2020-CS107 / AC207 / CSCI E-207

  • Syllabus
  • Schedule
  • Course Flow
  • Resources
  • Materials
  • Project
Download Notebook


Homework 7¶

Due Thursday, December 3rd 2020 at 11:59 PM.¶

Problem 0: Homework Workflow [10 pts]

Problem 1: Weather Prediction Using a Markov Chain [45 pts]

  • Part A. Implement a Markov chain
  • Part B. Markov chain iterators
  • Part C. Prediction using Markov chain
  • Deliverables summary

Problem 2: Databases [45 pts]

  • Part A. Database schema
  • Part B. Inserting records
  • Part C. Database queries
  • Deliverables summary

Problem 0: Homework Workflow [10 pts]¶

Once you receive HW6 feedback, you will need to merge your HW6-dev branch into master.

You will earn points for following all stages of the git workflow which involves:

  • 3 pts for merging HW6-dev into master
  • 5 pts for completing HW7 on HW7-dev
  • 2 pts for making a PR on HW7-dev to merge into master Sample Github Submission

Problem 1: Weather Prediction Using a Markov Chain [45 pts]¶

Markov chains are widely used to model and predict discrete events. Underlying Markov chains are Markov processes which make the assumption that the outcome of a future event only depends on the event immediately preceding it. In this problem, we will use a Markov chain to create a basic model for predicting the weather.

Part A: Implement a Markov chain [10 pts]¶

You will complete this part in the files Markov.py and P1A.py.

Example: Toy weather model¶

To begin, let us consider how we can represent weather behaviour as a Markov chain by considering a toy weather model in which the weather behaviour follows the following rules:

  1. A dry day has $0.9$ probability of being followed by a sunny day, and otherwise transitions into a humid day.
  2. A humid day as $0.5$ probability of being followed by a dry day, and otherwise remains humid.
  3. A sunny day has $0.4$ probability of remaining sunny, and otherwise an equal probability of transitioning to a dry day or humid day.

Notice that the preceding rules can be represented in a Markov chain as follows: Toy Markov

And a transition matrix $P$ of the form: $$\begin{matrix} & \text{Dry} & \text{Humid} & \text{Sunny} \\ \text{Dry} & 0 & 0.1 & 0.9 \\ \text{Humid} & 0.5 & 0.5 & 0 \\ \text{Sunny} & 0.3 & 0.3 & 0.4 \end{matrix}$$

where each matrix element $P_{ij}$ is the probability the weather on the next day is of the $j$-th weather type given that the current day is of the $i$-th weather type (e.g. $P_{dry, humid} = 0.1$).

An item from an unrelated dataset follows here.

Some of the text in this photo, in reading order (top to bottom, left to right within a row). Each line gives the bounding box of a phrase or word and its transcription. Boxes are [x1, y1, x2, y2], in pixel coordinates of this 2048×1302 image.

Thus, in order to calculate the weather probability $N$ days from the current day, we simply sum the probabilities of the conditional events given in the matrix. For example, given that the current day is dry ($i = 1$), the probability of it being humid ($j = 2$) in $N=2$ days is $$\left(M^{2}\right)_{12} = P_{11} P_{12} + P_{12} P_{22} + P_{13} P_{32}.$$

Your task: Modified toy weather model¶

In reality, there is a much broader range of weather conditions than just dry, humid, and sunny. Your task is to create a modified version of the toy model above to account for a slightly broader range of weather conditions.

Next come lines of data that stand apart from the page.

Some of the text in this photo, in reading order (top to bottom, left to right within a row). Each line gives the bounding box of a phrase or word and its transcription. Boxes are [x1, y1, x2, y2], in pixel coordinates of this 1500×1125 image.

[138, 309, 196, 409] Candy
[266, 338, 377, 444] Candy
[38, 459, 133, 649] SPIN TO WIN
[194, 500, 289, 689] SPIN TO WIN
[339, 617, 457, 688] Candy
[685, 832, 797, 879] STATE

In the weather.csv file accompanying this homework, each row corresponds to one type of weather in the following order.

  1. sunny
  2. cloudy
  3. rainy
  4. snowy
  5. windy
  6. hailing

Each column gives the probability of one type of weather occuring the following day (also in the order above).

As in the example, the $(i, j)$ element is the probability that the $j$-th weather type occurs after the $i$-th weather type; e.g. the $(1, 2)$ element is the probability that a cloudy day occurs after the sunny day. Take a look at the data and verify that if the current day is sunny ($i=1$) the following day will have a $0.4$ probability of being sunny ($j=1$) as well, whereas if the current day is rainy ($i=3$) the following day has a probability $0.05$ of being windy ($j=5$). (You do not need to submit anything for this step; this is just to check that the data is structured as described.)

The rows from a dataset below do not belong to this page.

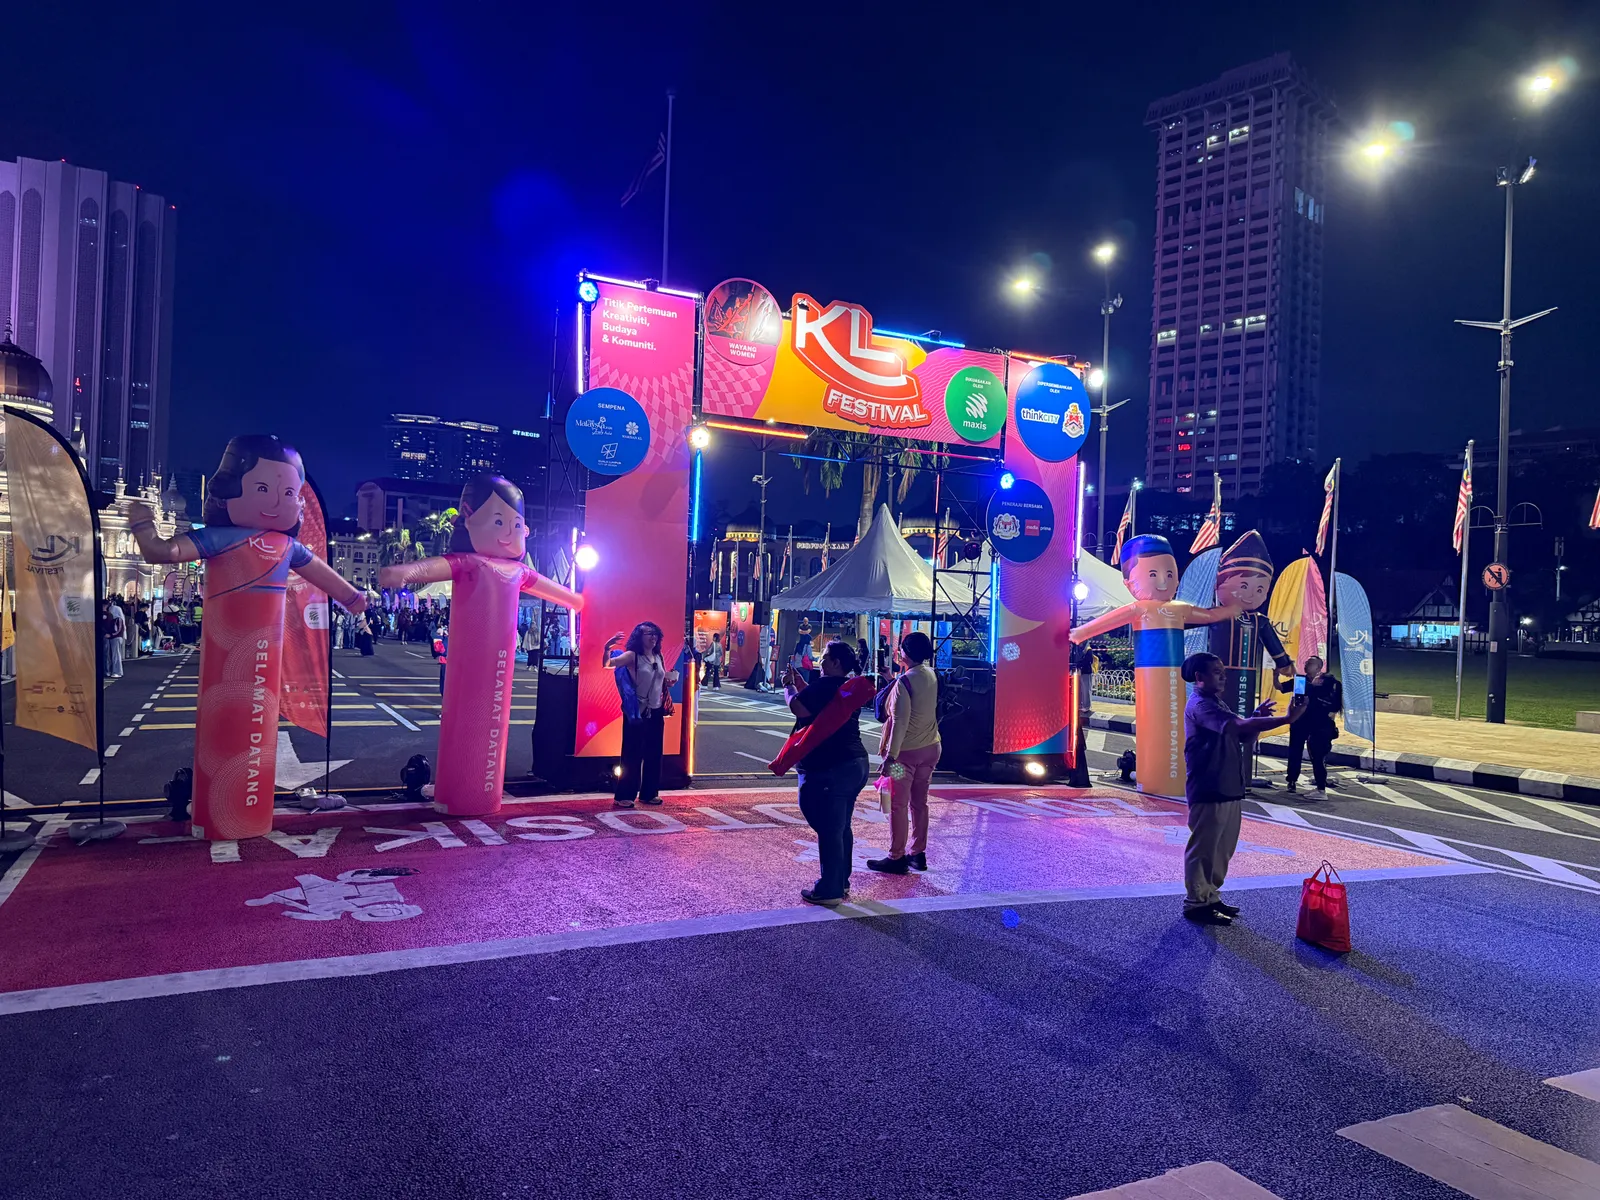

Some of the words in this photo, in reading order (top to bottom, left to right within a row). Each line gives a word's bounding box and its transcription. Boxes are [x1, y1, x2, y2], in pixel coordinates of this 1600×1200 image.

[603, 297, 625, 309] Titik
[627, 302, 678, 318] Pertemuan
[602, 310, 651, 327] Kreativiti,
[602, 322, 638, 336] Budaya
[602, 334, 610, 343] &
[611, 336, 657, 351] Komuniti.
[729, 342, 757, 353] WAYANG
[795, 298, 908, 386] KL
[730, 349, 756, 359] WOMEN
[597, 402, 626, 411] SEMPENA
[827, 388, 928, 423] FESTIVAL
[963, 420, 987, 430] maxis
[248, 537, 277, 553] KL
[252, 639, 269, 725] SELAMAT
[492, 649, 507, 722] SELAMAT
[1169, 670, 1178, 725] SELAMAT
[484, 728, 500, 792] DATANG
[1169, 730, 1178, 778] DATANG
[246, 732, 263, 807] DATANG

Having made sure that you understand how the weather data is stored in weather.csv, complete the following steps to create and demo your Markov chain model.

1. Create a class called Markov that implements the following methods

  • load_data(file_path='./weather.csv'): Loads data from a file and stores it as a 2D numpy array in the instance variable self.data. The default argument should be weather.csv in the current directory.
    • Hint: You may use numpy.genfromtxt() to load weather.csv.
  • get_prob(current_day_weather, next_day_weather): Returns the probability of next_day_weather on the next day given current_day_weather on the current day.
    • current_day_weather and next_day_weather will be one of the 6 strings describing the weather (sunny, cloudy, rainy, snowy, windy, or hailing).
    • Raise an Exception if current_day_weather or next_day_weather is not one of the 6 strings specified. Make sure these strings are in lowercase. You can choose to either raise an exception for uppercase inputs, or convert them automatically.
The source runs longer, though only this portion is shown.